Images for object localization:
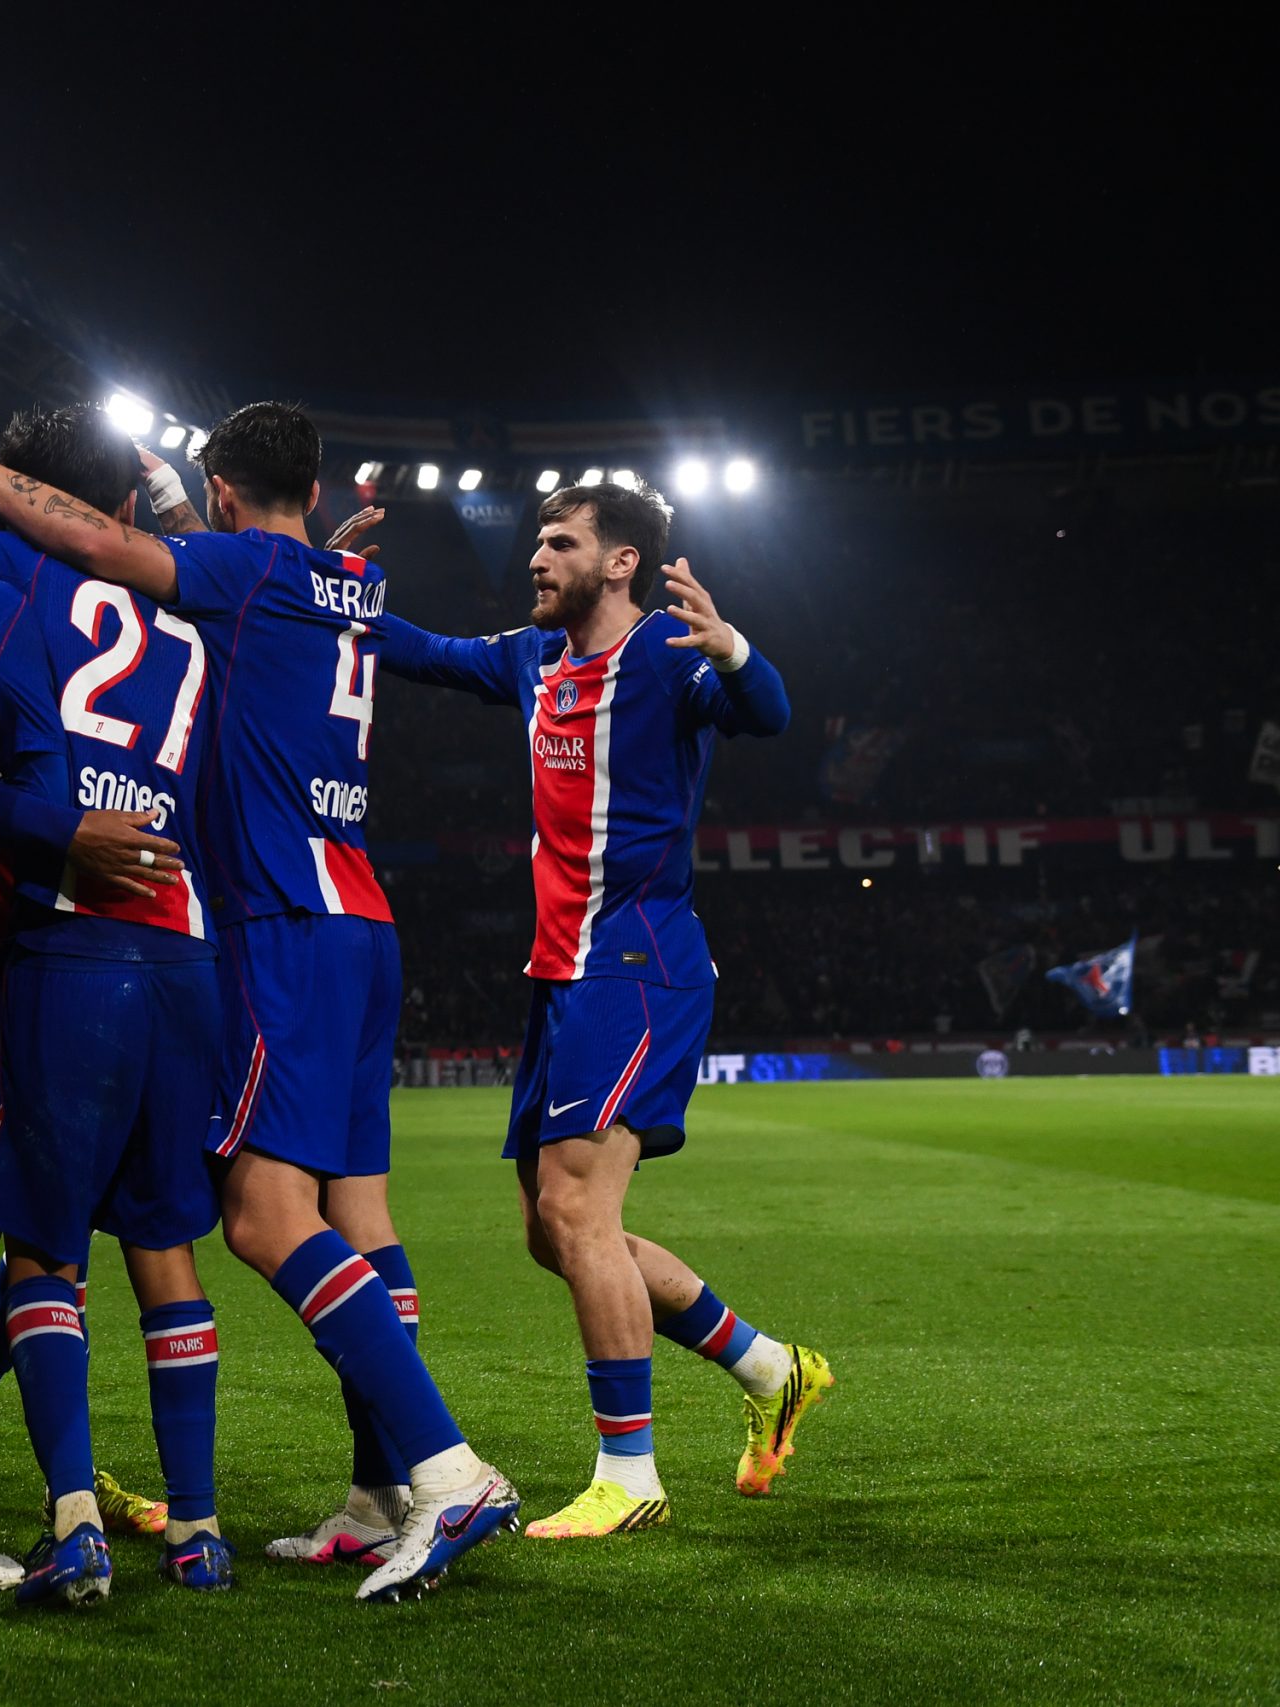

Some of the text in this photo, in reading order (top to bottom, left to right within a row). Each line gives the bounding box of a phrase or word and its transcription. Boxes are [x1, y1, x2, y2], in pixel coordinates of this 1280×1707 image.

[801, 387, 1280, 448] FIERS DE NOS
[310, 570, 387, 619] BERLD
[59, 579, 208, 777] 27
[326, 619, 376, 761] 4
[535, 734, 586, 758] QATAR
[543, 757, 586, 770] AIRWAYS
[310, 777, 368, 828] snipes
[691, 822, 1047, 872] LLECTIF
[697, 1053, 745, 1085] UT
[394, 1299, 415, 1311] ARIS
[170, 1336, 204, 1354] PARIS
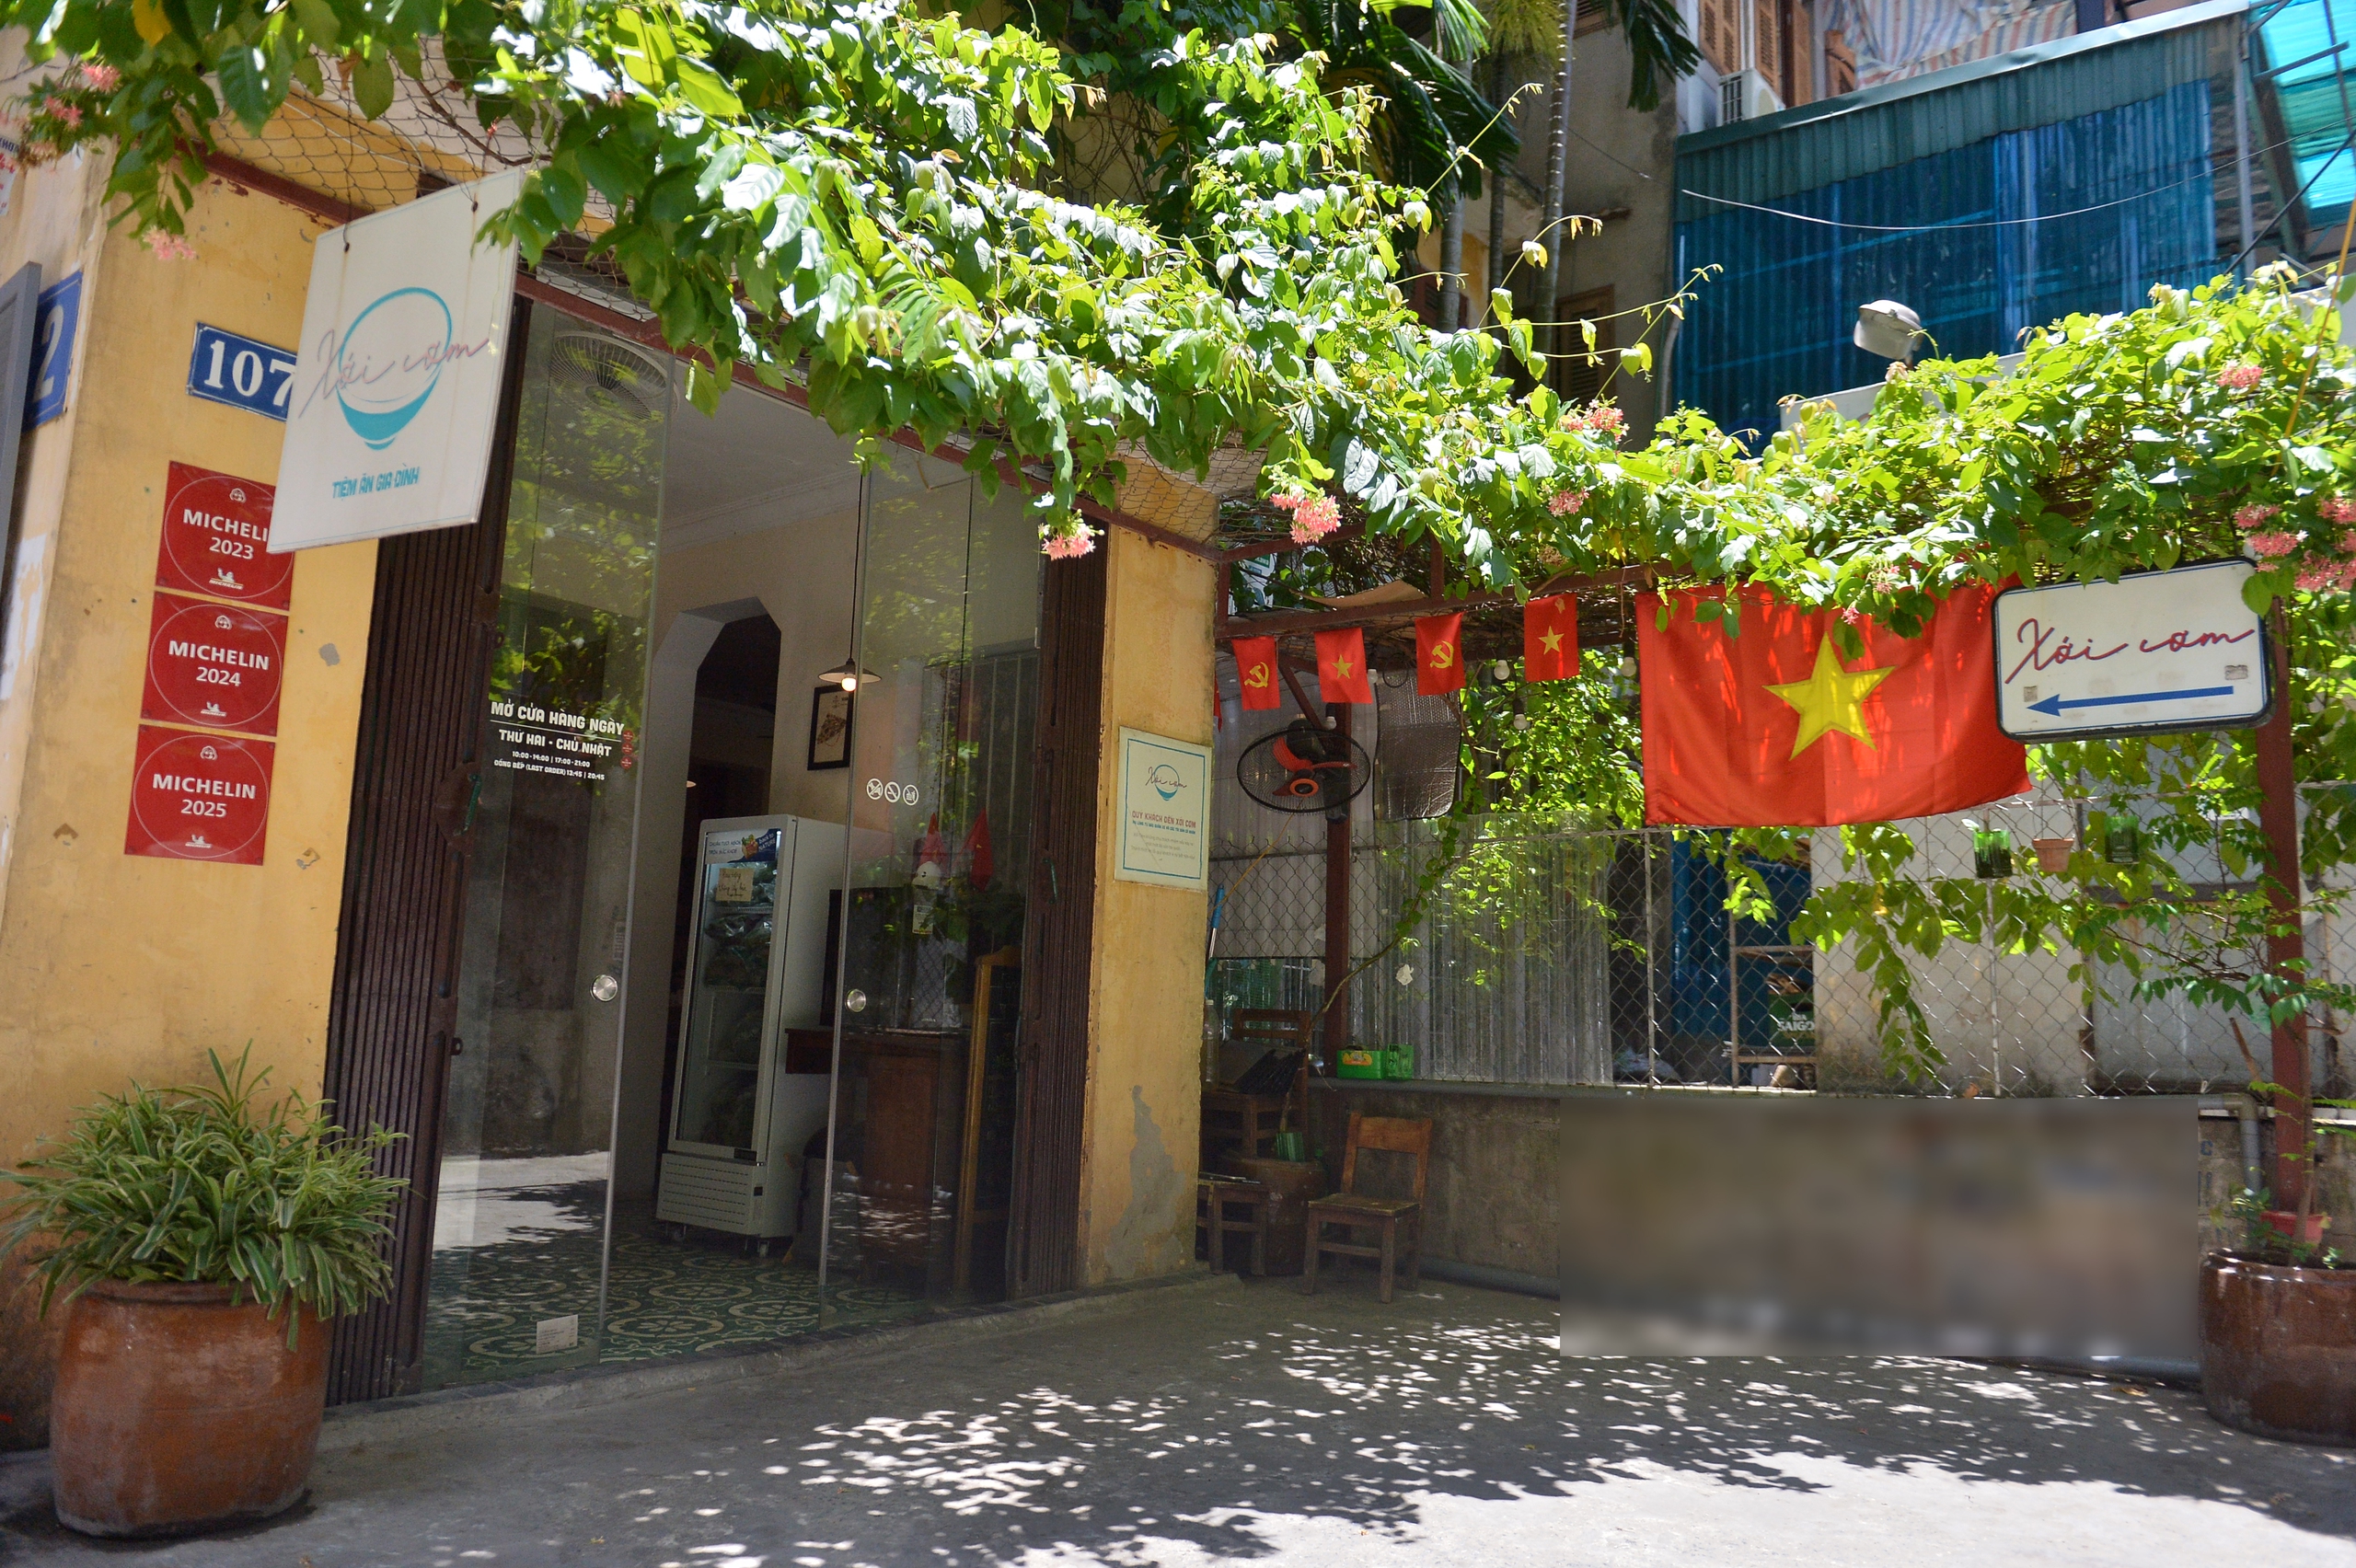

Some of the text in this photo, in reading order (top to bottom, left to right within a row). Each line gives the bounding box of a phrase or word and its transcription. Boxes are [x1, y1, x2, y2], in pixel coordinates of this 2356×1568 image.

PROMPT:
Each line above has to be returned exactly. Drop the pictures.

WRITTEN REPLY:
Some of the text in this photo, in reading order (top to bottom, left to right within a row). Each line gives the bounding box of a phrase or word and its transcription. Boxes are [x1, y1, x2, y2], in pixel coordinates of this 1280×1707 image.

[801, 387, 1280, 448] FIERS DE NOS
[310, 570, 387, 619] BERLD
[59, 579, 208, 777] 27
[326, 619, 376, 761] 4
[535, 734, 586, 758] QATAR
[543, 757, 586, 770] AIRWAYS
[310, 777, 368, 828] snipes
[691, 822, 1047, 872] LLECTIF
[697, 1053, 745, 1085] UT
[394, 1299, 415, 1311] ARIS
[170, 1336, 204, 1354] PARIS

Some of the text in this photo, in reading order (top to bottom, left to right within a row). Each line gives the bounding box of a phrase or word and its transcription. Boxes are [x1, y1, x2, y2], in pixel coordinates of this 2356×1568 image.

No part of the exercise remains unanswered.